Je vous crois bien volontiers, madame la députée. C’est pourquoi, pour être transparent avec vous, je vous soupçonne plutôt de faire de la politique.
Vous, vous faites beaucoup de politique !
Certes, mais quand j’en fais, j’assume vraiment : je n’utilise pas des arguments techniques fallacieux. Ce ministère dispose d’outils conçus précisément pour gérer l’inflation. Doit-il ou non s’en servir ? Dans leurs amendements respectifs, en recourant au même argumentaire, la députée socialiste et le député du Rassemblement national proposent une trajectoire financière antérieure à l’inflation.
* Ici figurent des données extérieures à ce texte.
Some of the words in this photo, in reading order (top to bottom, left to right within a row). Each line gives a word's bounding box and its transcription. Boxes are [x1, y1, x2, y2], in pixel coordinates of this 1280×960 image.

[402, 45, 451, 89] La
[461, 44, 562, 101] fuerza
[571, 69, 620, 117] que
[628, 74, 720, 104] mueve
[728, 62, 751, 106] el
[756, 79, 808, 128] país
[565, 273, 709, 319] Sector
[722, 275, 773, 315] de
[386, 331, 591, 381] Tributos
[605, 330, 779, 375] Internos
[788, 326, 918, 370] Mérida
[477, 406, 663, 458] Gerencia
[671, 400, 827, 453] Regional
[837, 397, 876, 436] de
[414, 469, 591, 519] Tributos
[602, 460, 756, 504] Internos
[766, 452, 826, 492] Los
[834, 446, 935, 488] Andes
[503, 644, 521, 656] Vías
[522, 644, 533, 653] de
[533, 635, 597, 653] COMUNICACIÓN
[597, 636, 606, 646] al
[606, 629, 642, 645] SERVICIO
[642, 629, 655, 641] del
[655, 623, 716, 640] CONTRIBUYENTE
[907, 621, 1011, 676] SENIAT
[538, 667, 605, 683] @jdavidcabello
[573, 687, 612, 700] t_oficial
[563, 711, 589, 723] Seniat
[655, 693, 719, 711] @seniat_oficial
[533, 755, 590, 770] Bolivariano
Nous n’avons toujours pas compris le modèle d’armée retenu, à moins que vous n’optiez pour le nôtre, ce qui serait plus cohérent – je l’accepte bien volontiers. Vos propositions reviendraient à transformer les 2,6 milliards de report de charges en 2024 en crédits budgétaires. Ce serait cohérent et, du coup, il n’y aurait aucun report de charges.Il existe deux manières de gérer l’inflation. Pour la mémoire des débats, il faut se le dire une bonne fois pour toutes. Soit on se sert des outils […]
La parole est à M. Lionel Royer-Perreaut.
Merci, monsieur le ministre, pour votre présentation, qui fixe les choses et expose clairement les enjeux. Il est remarquable que les oppositions s’engouffrent dans ce petit exercice. On a le sentiment qu’elles s’efforcent de proposer des trajectoires budgétaires au doigt mouillé, comme si elles se pliaient à un exercice obligatoire : parce que l’on est à l’Assemblée et que l’on participe à une discussion parlementaire, il faut susciter un débat sur la trajectoire budgétaire. Mais il s’agit d’un faux débat.Nos collègues de la NUPES nous tancent, nous montrent du doigt, alors qu’ils sont les premiers à avoir refusé de voter pour le projet de loi de programmation des finances publiques. Ils ne manquent pas de culot !
Il a raison !
Que ceux d’entre vous qui – à droite et à gauche – ont, lorsqu’ils étaient aux responsabilités, très largement contribué à la non-exécution du budget de la défense – on a même connu des lois de programmation militaire dont la première annuité n’a pas été exécutée ! –, que ceux-là viennent nous expliquer qu’il faut faire plus d’efforts, ou moins – c’est selon –, accélérer, ou freiner – ce qui nous condamne au dérapage –, c’est un peu fort de café !Quant à celles des oppositions qui n’ont pas gouverné, en particulier le Front national… pardon, le Rassemblement national,…
C’est une mauvaise habitude !
Vous vous trompez sans doute parce que vous étiez encore à LR il n’y a pas si longtemps !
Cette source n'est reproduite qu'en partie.